…this album is definitely, almost defiantly, grandiose in its scope and range
Salutogenesis is the debut album from Germany’s Soulsplitter, who’re an arts and music community as opposed to a band. There may be only four people in the actual band but, in the three year gestation period for this album, around fifty people were involved in the making and recording of it. Says Drum man Felix Gayed, “The creation of Salutogenesis was something I dreamed of all through my teenage years, a band which crossed borders between genres, art forms and people, and after years of hard work, we now stand on the brink of releasing our baby.”
Salutogenesis consists of eight songs and, while each piece of music can stand alone in its own right, the album tells a story involving tales of love, death, meaning and self-awareness.

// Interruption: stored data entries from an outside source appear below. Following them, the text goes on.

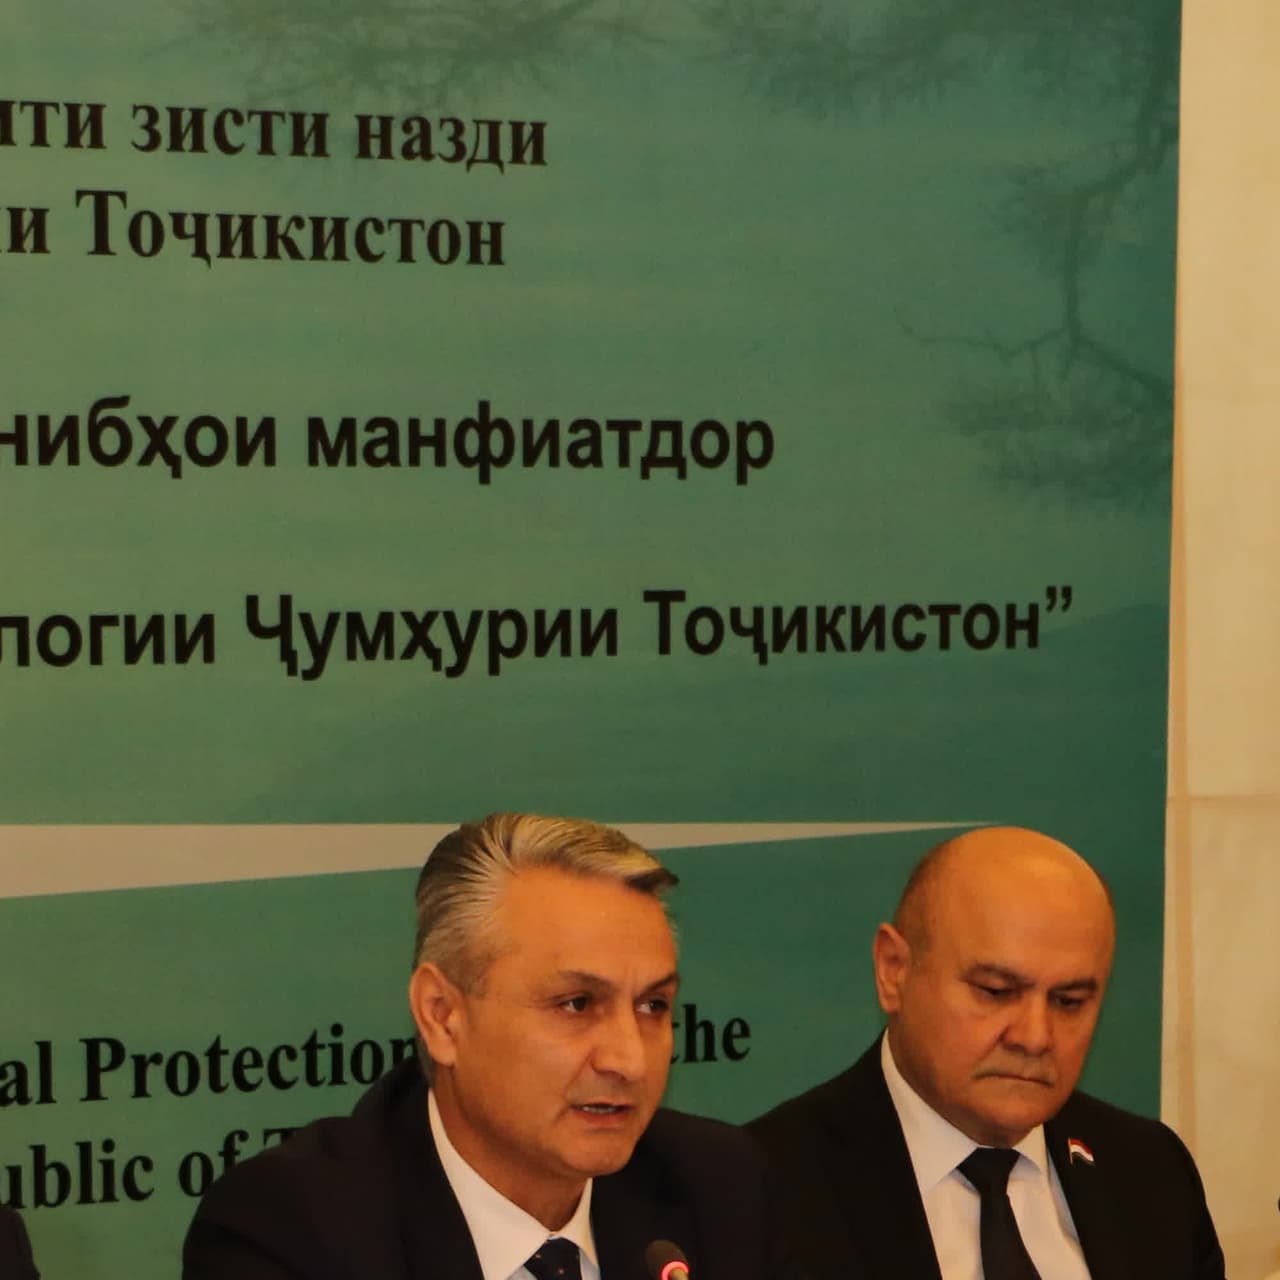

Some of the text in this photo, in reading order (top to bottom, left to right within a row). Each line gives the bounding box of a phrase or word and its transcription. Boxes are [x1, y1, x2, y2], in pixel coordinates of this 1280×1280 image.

[132, 105, 329, 158] зисти
[355, 115, 547, 172] назди
[76, 190, 504, 266] Тоҷикистон
[308, 401, 773, 485] манфиатдор
[246, 595, 617, 680] Ҷумҳурии

If you like your music laden with bombast, attitude and with some occasional overkill, you’re in the right place. Inspired by ’70s prog rock, and with more than a glancing nod towards several contemporary prog bands, and with elements of soft rock and jazz fusion also included in the mix, this album is definitely, almost defiantly, grandiose in its scope and range. It’s an album which doesn’t lack for ambition and very likely the only difference between Soulsplitter and Queen is the latter’s music is more commercially oriented. This is largely an instrumental album, interspersed with the occasional vocal interlude, and with the length of certain passages, they’re probably guilty of overdoing things in some places but, hey, what is prog if you can’t stretch out occasionally and go for it ?

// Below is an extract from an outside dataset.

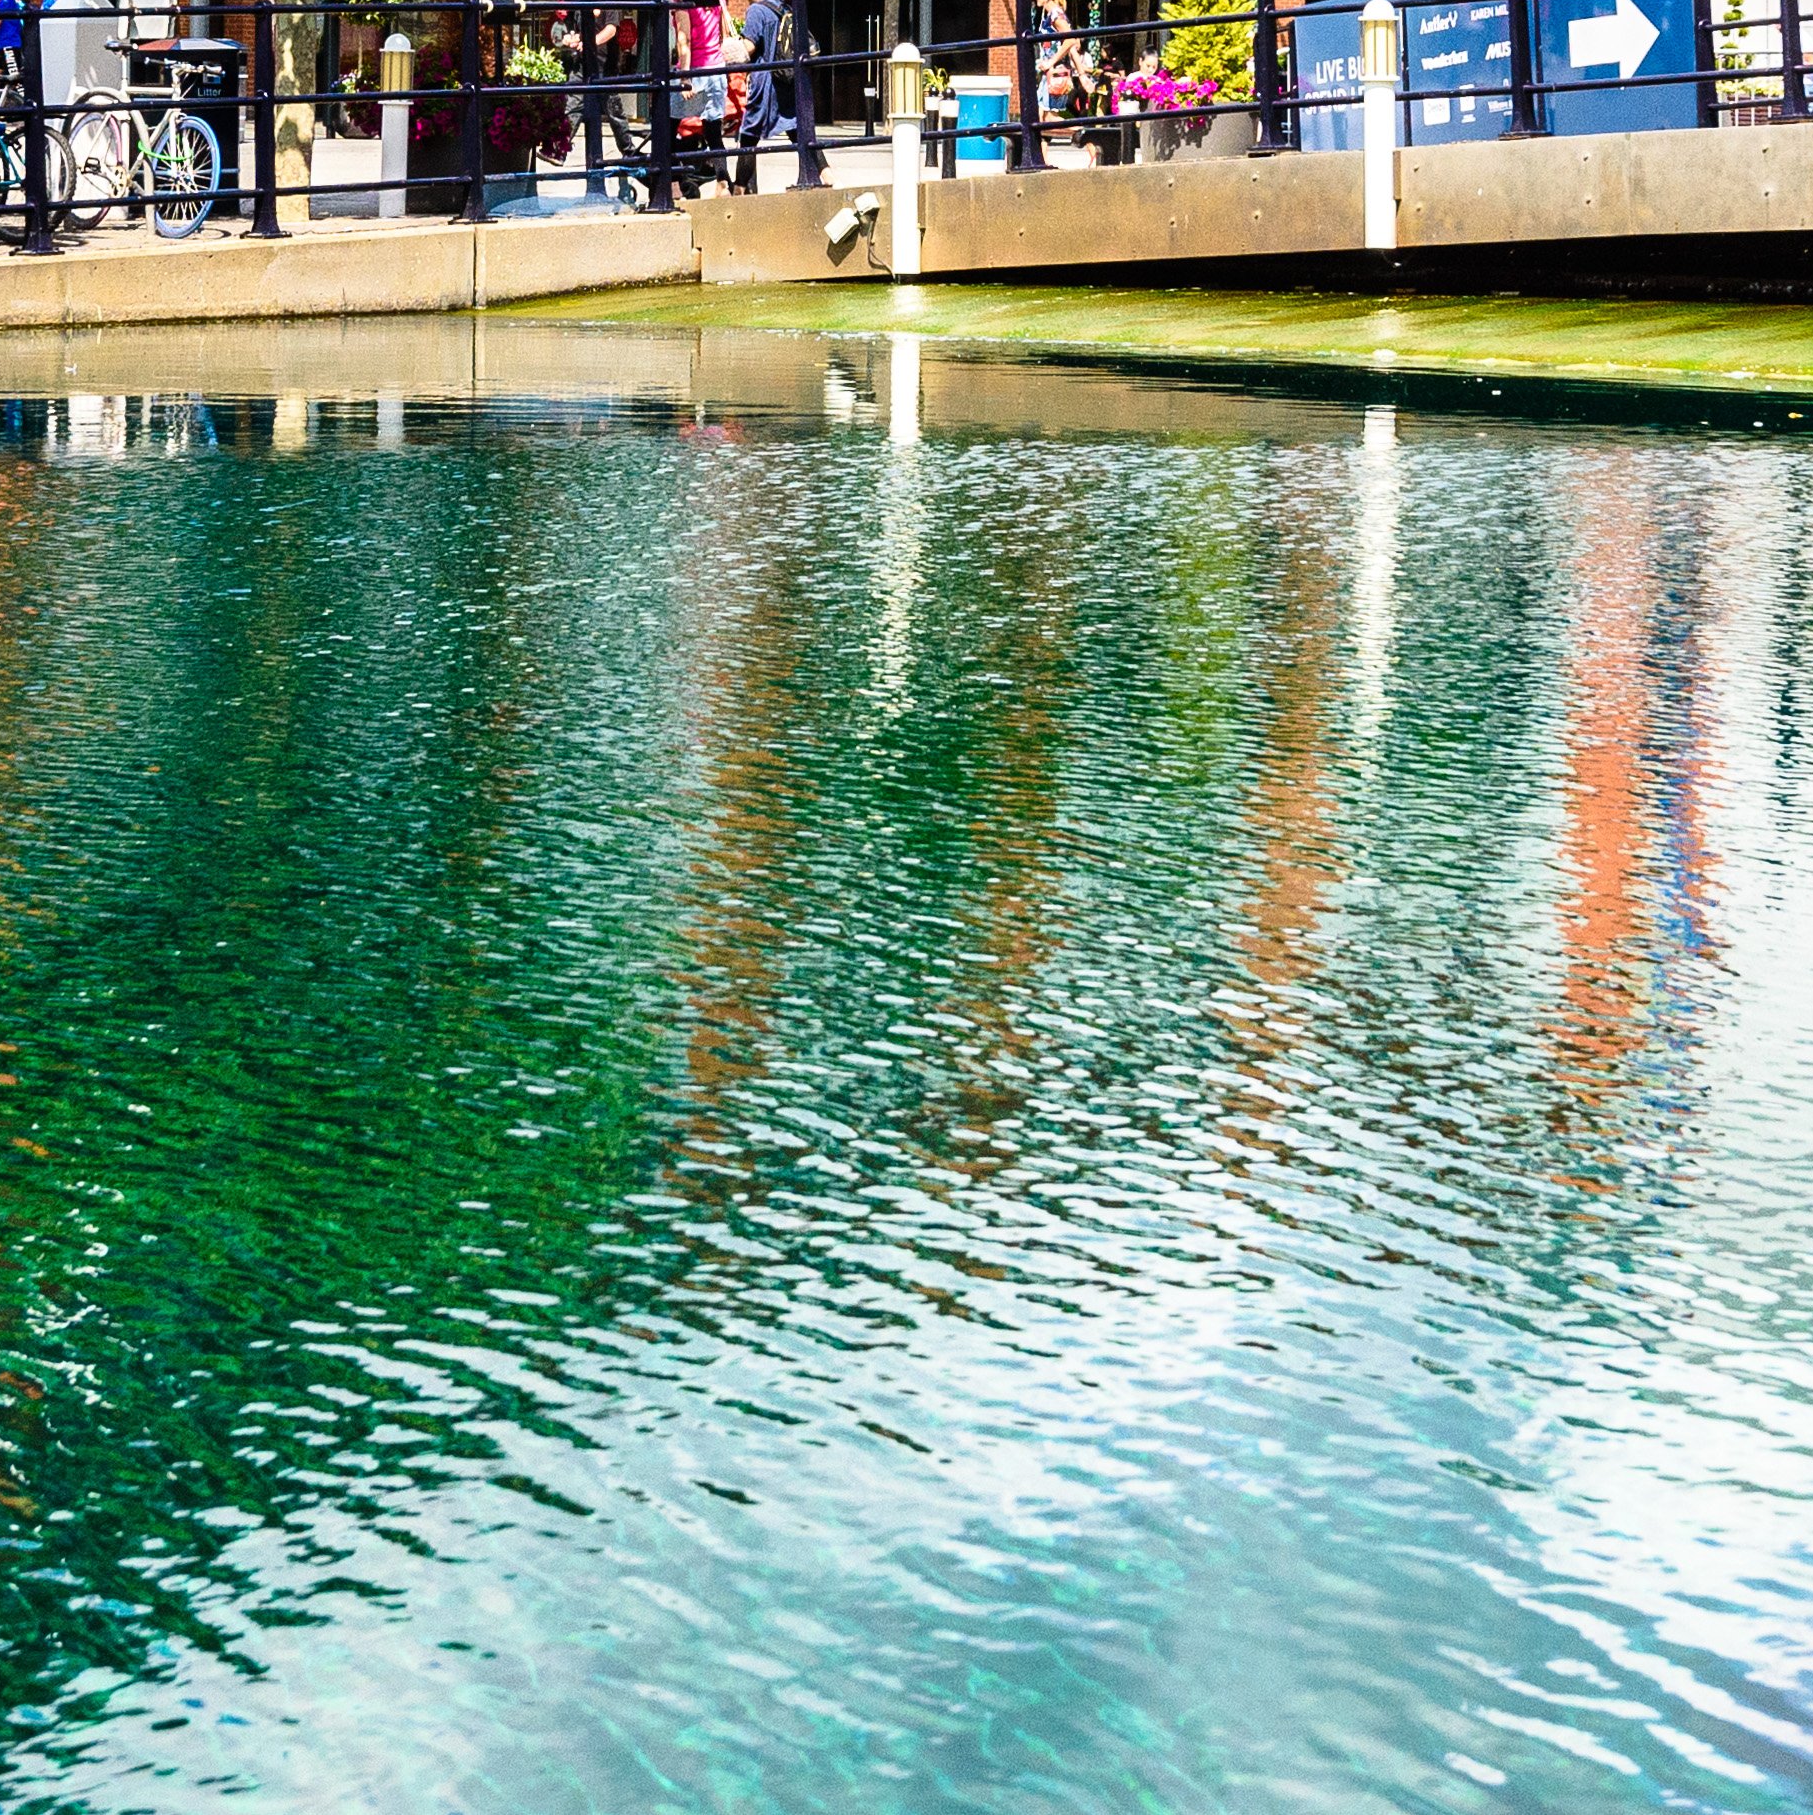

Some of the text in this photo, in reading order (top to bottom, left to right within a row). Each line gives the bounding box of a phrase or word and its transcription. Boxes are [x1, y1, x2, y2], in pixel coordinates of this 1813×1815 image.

[1485, 40, 1511, 61] MUS
[1315, 57, 1345, 84] LIVE
[197, 86, 222, 98] Litter

Salutogenesis begins with The Prophecy, a short violin piece and then a recited verse exuding a sense of the dramatic before the heavy riffs and crashing drums of The Transition changes the mood altogether. All the way through to closing track The Sacrifice, the pattern remains the same, with several lengthy tracks incorporating a mix of styles, from fast Dream Theater type riffing on tracks like The Dream, to slower rock tracks like Eye of the Cyclone, and all performed with sublime instrumentation.

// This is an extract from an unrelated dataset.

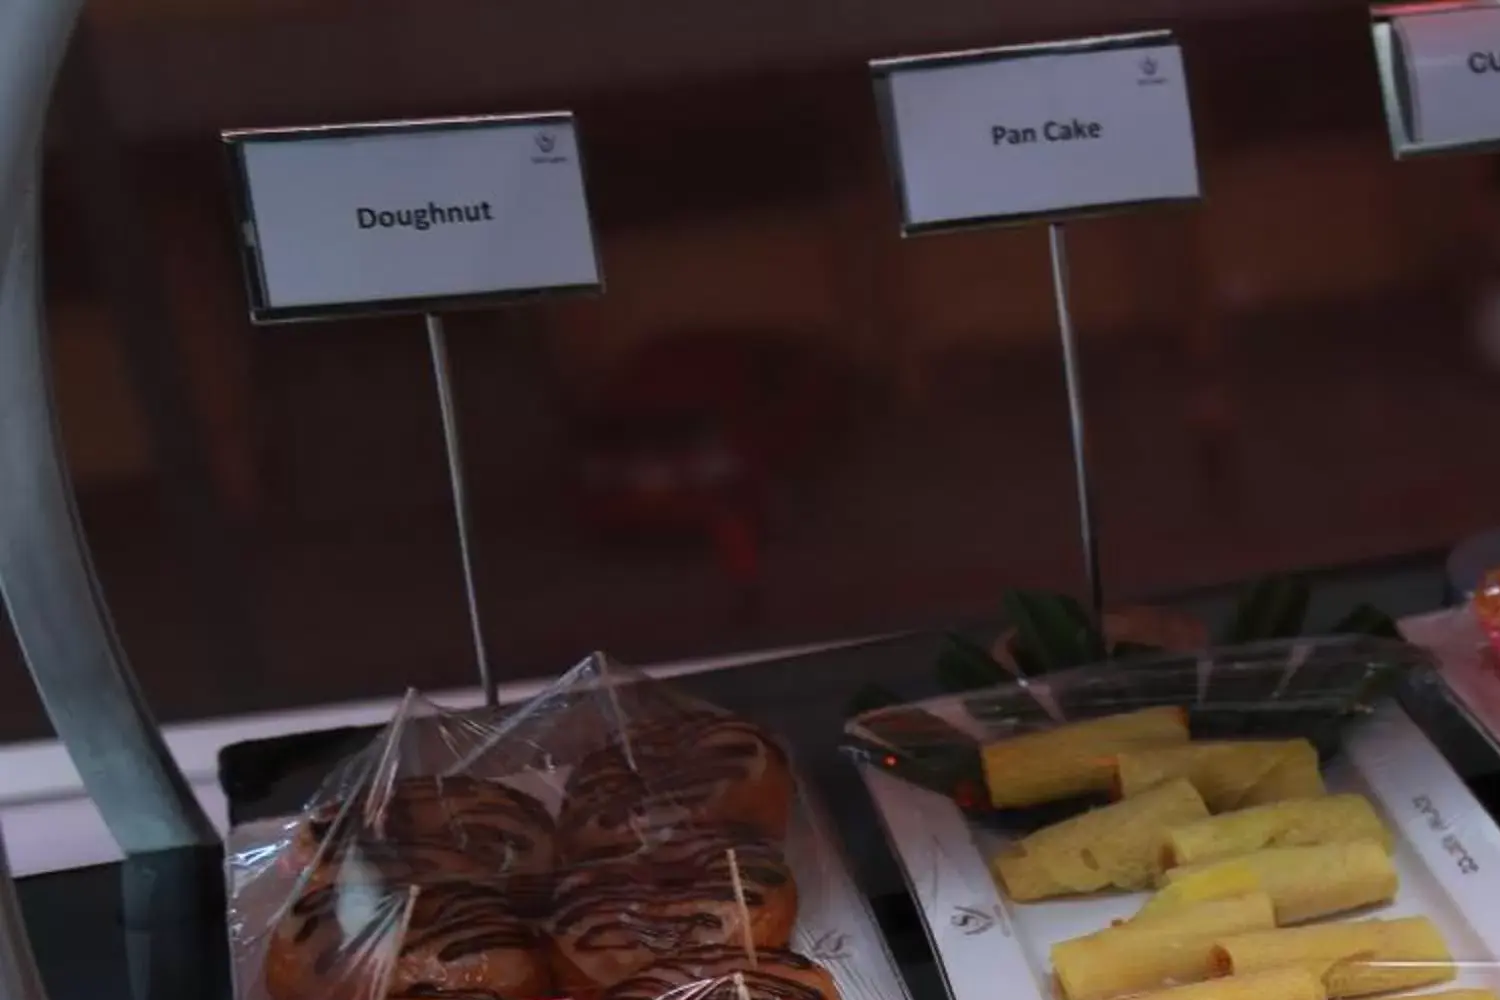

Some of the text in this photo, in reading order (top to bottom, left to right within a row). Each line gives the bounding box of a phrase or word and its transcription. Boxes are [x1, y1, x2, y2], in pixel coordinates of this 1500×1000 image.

[991, 119, 1102, 145] Pan Cake
[356, 202, 494, 230] Doughnut

At certain points during this album, though, the thought ‘I wonder what this album would sound like if a progmeister like Arjen Lucassen got his hands on it ?’ kept occurring to me. I suspect he’d cut down the length of some of the tracks and make quite a concept out of an album which, in many places, sounds like it could be the soundtrack for a gothic horror film. But, whatever, Soulsplitter are to be congratulated for their spirit of adventure in putting together what is ultimately a fine piece of work.